El siguiente es un artículo de Josep Alemany sobre el escritor austriaco Thomas Bernhard (1931-1989), abrumadoramente detestado por los habitantes de las ciudades de su niñez, Viena y Salzburgo, por maldecirlas vivamente en sus escritos. Publicado en dos entregas en el periódico "cnt" nº 150 y nº 151 (Bilbao, junio-julio de 1993). Corregido en febrero de 2009 por el autor.
Tardé bastante en leer a Thomas Bernhard. Me temía que fuera la nulidad de turno promocionada por el márquetin editorial, uno de esos «grandes narradores» que pretenden aportar tanto y lo único que aportan es aburrimiento y cretinismo.
Thomas Bernhard murió hace veinte años, el 12 de febrero de 1989. Coincidiendo con este aniversario, ya han empezado a publicarse artículos que hablan de cualquier trivialidad —¡incluso de sus zapatos!— sin decir nada interesante. Se insiste, por lo demás, en presentar a Bernhard como un monstruo literario que escribía encerrado en una pecera. El genio dentro de la burbuja del arte. No se mencionan nunca sus afinidades anarquistas, convertidas en un secreto incómodo.
Se trata de una estafa. Porque no se puede entender a Bernhard sin tener en cuenta las ideas anarquistas transmitidas por su abuelo. En su última obra, Extinción, ese bagaje aparece sin tapujos. Algunas páginas parecen variaciones sobre ideas de Bakunin, como cuando habla de la religión o de la necesidad de destruir como acto indisociable de la creación.
Además, ya se encargó el propio Bernhard de hacer estallar la burbuja del arte. La pentalogía autobiográfica supone una ruptura con las obras anteriores, demasiado ancladas en los enredos literarios.
En 1993, tras la lectura de Extinción, escribí sobre la obra de Bernhard las líneas que vienen a continuación, dejando totalmente de lado su teatro. Ahora, en febrero de 2009, sólo he cambiado la introducción. A partir de aquí, pues, reproduzco, con algunos retoques, el artículo de 1993.
SALZBURGO BAJO LAS BOMBAS
El primer libro de Bernhard que leí fue Tala . No salía de mi asombro. En cada página se traslucía el espíritu anarquista del autor. Y un espíritu bien hard, además.

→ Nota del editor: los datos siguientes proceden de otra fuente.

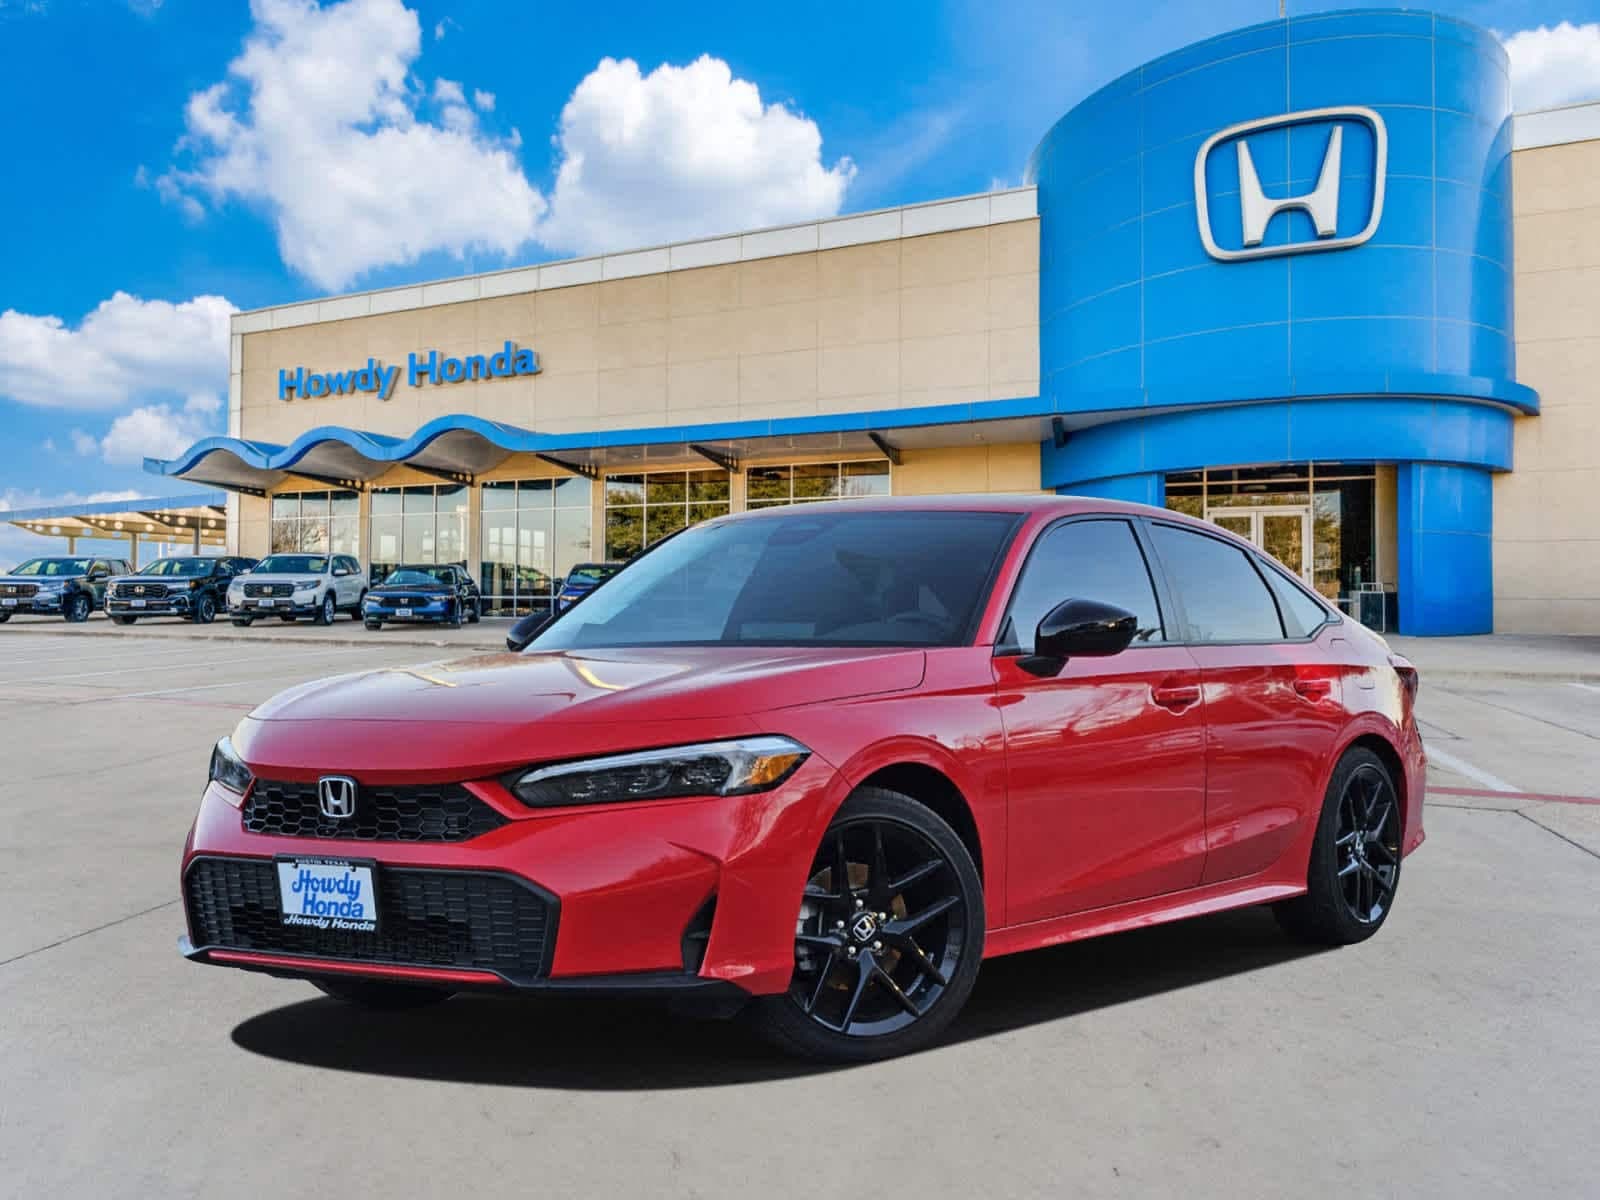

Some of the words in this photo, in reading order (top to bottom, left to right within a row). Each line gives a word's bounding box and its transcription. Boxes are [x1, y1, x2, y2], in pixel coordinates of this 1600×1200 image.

[278, 357, 400, 402] Howdy
[407, 340, 542, 388] Honda
[291, 869, 361, 901] Howdy
[302, 893, 364, 918] Honda
[283, 914, 329, 929] Howdy
[331, 918, 376, 932] Honda

En el primer volumen de la autobiografía tuve confirmación de lo que presentía. El personaje decisivo en la formación de Bernhard fue su abuelo. También escritor, huyó de Salzburgo y «se fue a Basilea, para llevar allí una peligrosa existencia de anarquista, como Kropotkin» (p. 109). En el último volumen, Un niño, recuerda otra vez la fuga de su abuelo a Suiza, «donde hizo estudios técnicos y se unió a algunos anarquistas de sus mismas ideas. Pero no orientaba sus energías hacia la política, sino hacia la literatura» (p. 43). «Los anarquistas son la sal de la tierra», le decía una y otra vez (p. 20). Pero dejemos al abuelo y volvamos al nieto.
Bernhard empieza escribiendo poesía, luego teatro y novela (Helada, 1963; Trastorno, 1967; Corrección, 1975; la enumeración no es exhaustiva). Más tarde se opuso a la reedición de las obras anteriores a Helada, lo que significó enterrar la poesía en el olvido. Descanse en paz. En 1975 aparece el primer volumen de la autobiografía, El Origen. Una indicación . Seguirán El sótano. Un alejamiento (1976), El aliento. Una decisión (1978), El frío. Un aislamiento (1981) y Un niño (1982), todos ellos publicados en castellano por Anagrama.

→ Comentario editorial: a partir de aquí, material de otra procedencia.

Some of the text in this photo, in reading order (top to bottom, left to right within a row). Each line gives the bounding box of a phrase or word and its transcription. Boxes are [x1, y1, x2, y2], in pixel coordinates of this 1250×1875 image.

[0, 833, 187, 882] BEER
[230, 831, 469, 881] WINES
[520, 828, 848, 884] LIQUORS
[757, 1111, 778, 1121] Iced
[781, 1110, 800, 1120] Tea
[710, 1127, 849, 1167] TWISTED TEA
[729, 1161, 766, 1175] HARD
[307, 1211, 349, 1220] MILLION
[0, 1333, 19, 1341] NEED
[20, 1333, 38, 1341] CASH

La autobiografía abre una nueva línea en la obra de Bernhard. Ya en las primeras páginas de El origen salta a la vista la diferencia con las novelas anteriores: la escritura es más nítida, menos laberíntica, lo que da por resultado la condensación estilística; las reflexiones, al mezclase con la narración, intensifican el relato; las repeticiones le dan un ritmo obsesivo, alucinógeno. La páginas en que describe la vida y, sobre todo, la muerte en Salzburgo bajo los bombardeos aliados constituyen un buen ejemplo del arte de Bernhard. Tras «vaciarse» en cuatro volúmenes, en Un niño narra los años anteriores a El origen, estructura circular frecuente en nuestro autor. En el último volumen de la autobiografía, la depuración estilística llega al máximo; incluso cabe hablar de simplificación.

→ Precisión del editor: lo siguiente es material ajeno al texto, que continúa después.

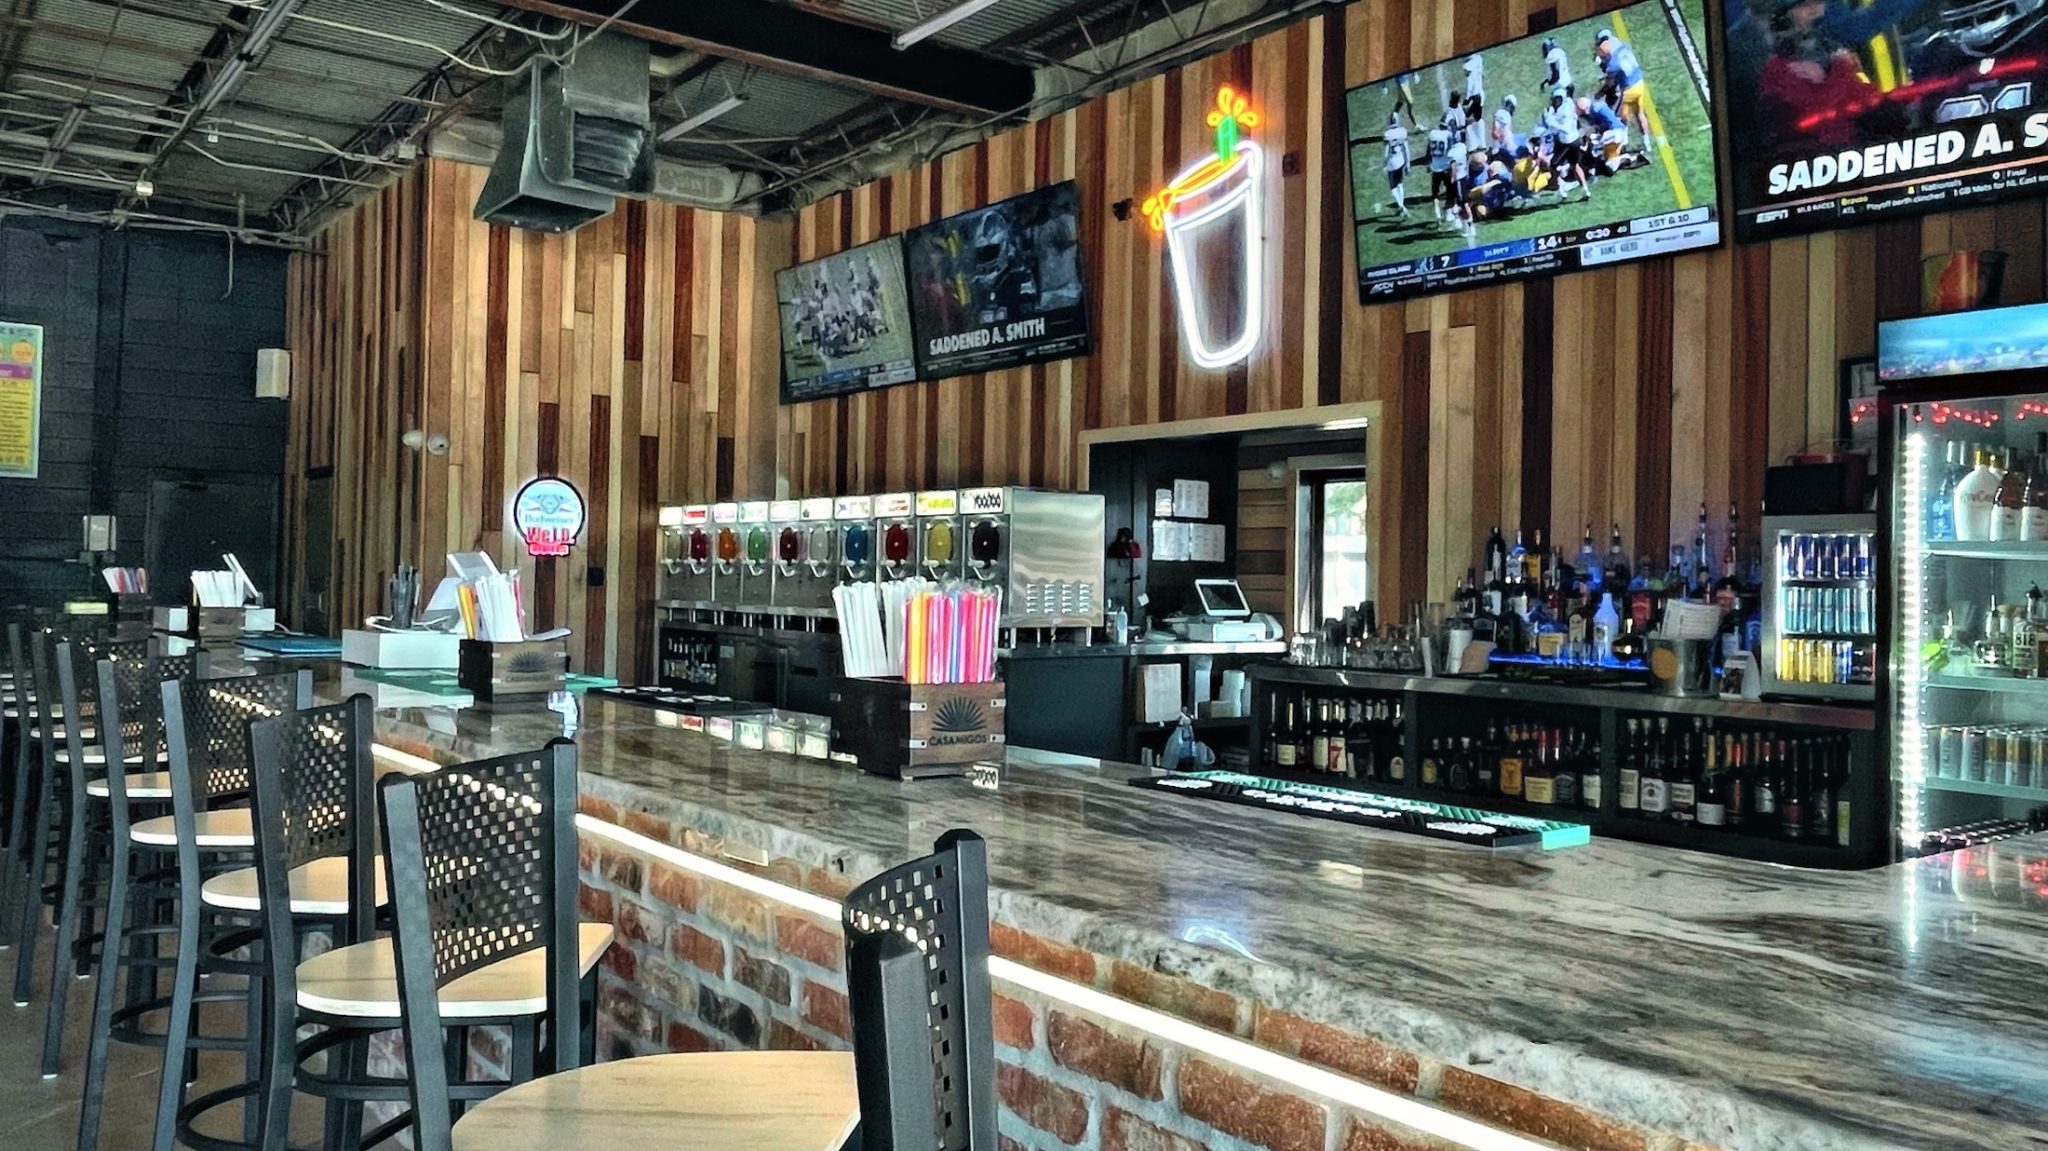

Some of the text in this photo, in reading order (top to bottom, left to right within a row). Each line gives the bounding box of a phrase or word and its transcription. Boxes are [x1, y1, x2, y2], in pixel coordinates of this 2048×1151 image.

[1768, 130, 1966, 195] SADDENED
[1971, 122, 2014, 158] A.
[1648, 218, 1665, 228] 1ST
[1677, 213, 1690, 223] 10
[1756, 209, 1789, 223] ESPN
[1440, 255, 1450, 267] 7
[929, 317, 1046, 356] SADDENED A. SMITH
[2015, 633, 2037, 647] 818
[928, 734, 988, 746] CASAMIGOS
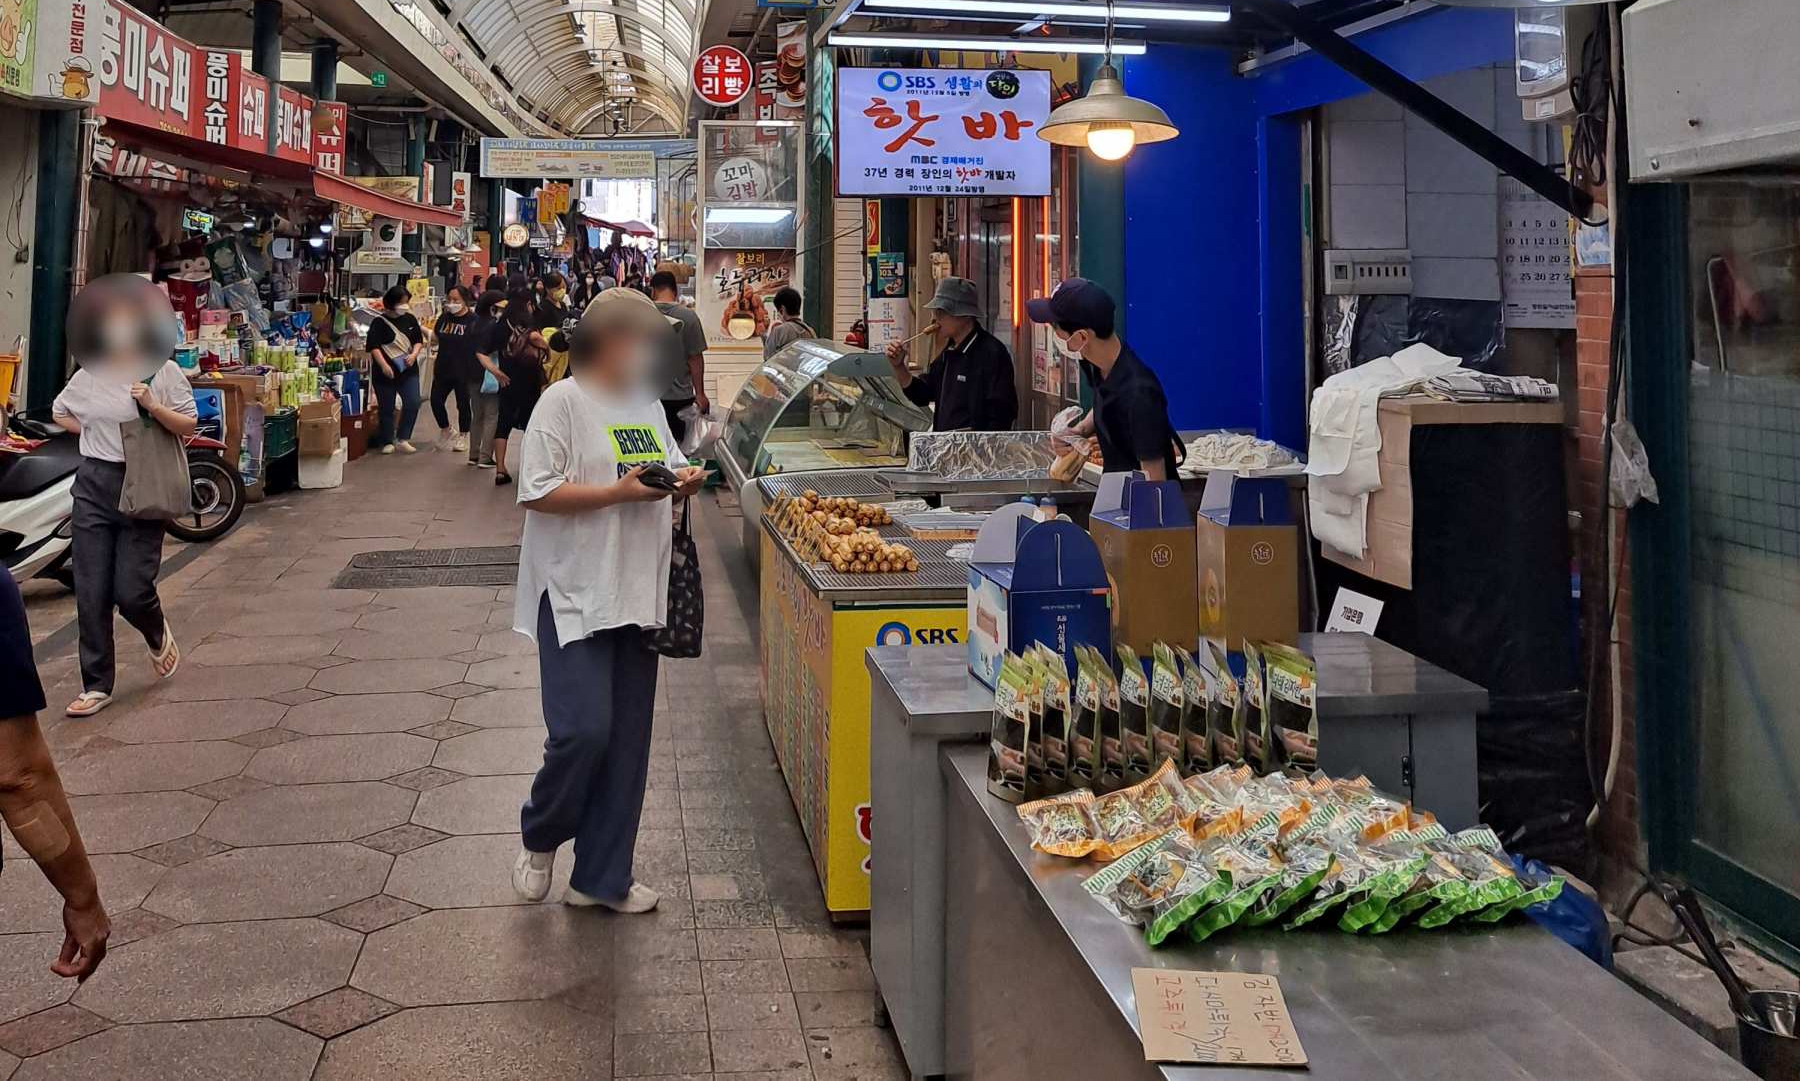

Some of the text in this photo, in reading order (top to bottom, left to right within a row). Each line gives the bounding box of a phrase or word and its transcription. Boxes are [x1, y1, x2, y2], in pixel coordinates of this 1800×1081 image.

[702, 54, 743, 74] 찰보
[702, 76, 744, 96] 리빵
[905, 76, 936, 89] SBS
[944, 76, 983, 91] 생활의
[238, 81, 266, 141] 슈퍼
[863, 97, 1034, 154] 핫 바
[911, 155, 938, 165] MBC
[722, 162, 755, 183] 꼬마
[864, 167, 1016, 184] 37년 경력 장인의 핫바 개발자
[727, 180, 758, 201] 김밥
[909, 184, 933, 192] 2011년
[736, 252, 766, 265] 찰보리
[613, 428, 662, 456] GENERAL

¿EL PESIMISTA UNIDIMENSIONAL?
Ver solo el lado pesimista y demoledor de Bernhard significa tener una idea muy incompleta de sus obras completas. Es innegable que Bernhard tiene en mucha estima a los «clásicos del pesimismo» (Schopenhauer y Pascal) y que en las primeras novelas domina de modo unilateral un pesimismo abrumador (los protagonistas de todas ellas se suicidan o, como en el caso de Trastorno, piensan hacerlo). A partir de la autobiografía, sin embargo, las cosas cambian.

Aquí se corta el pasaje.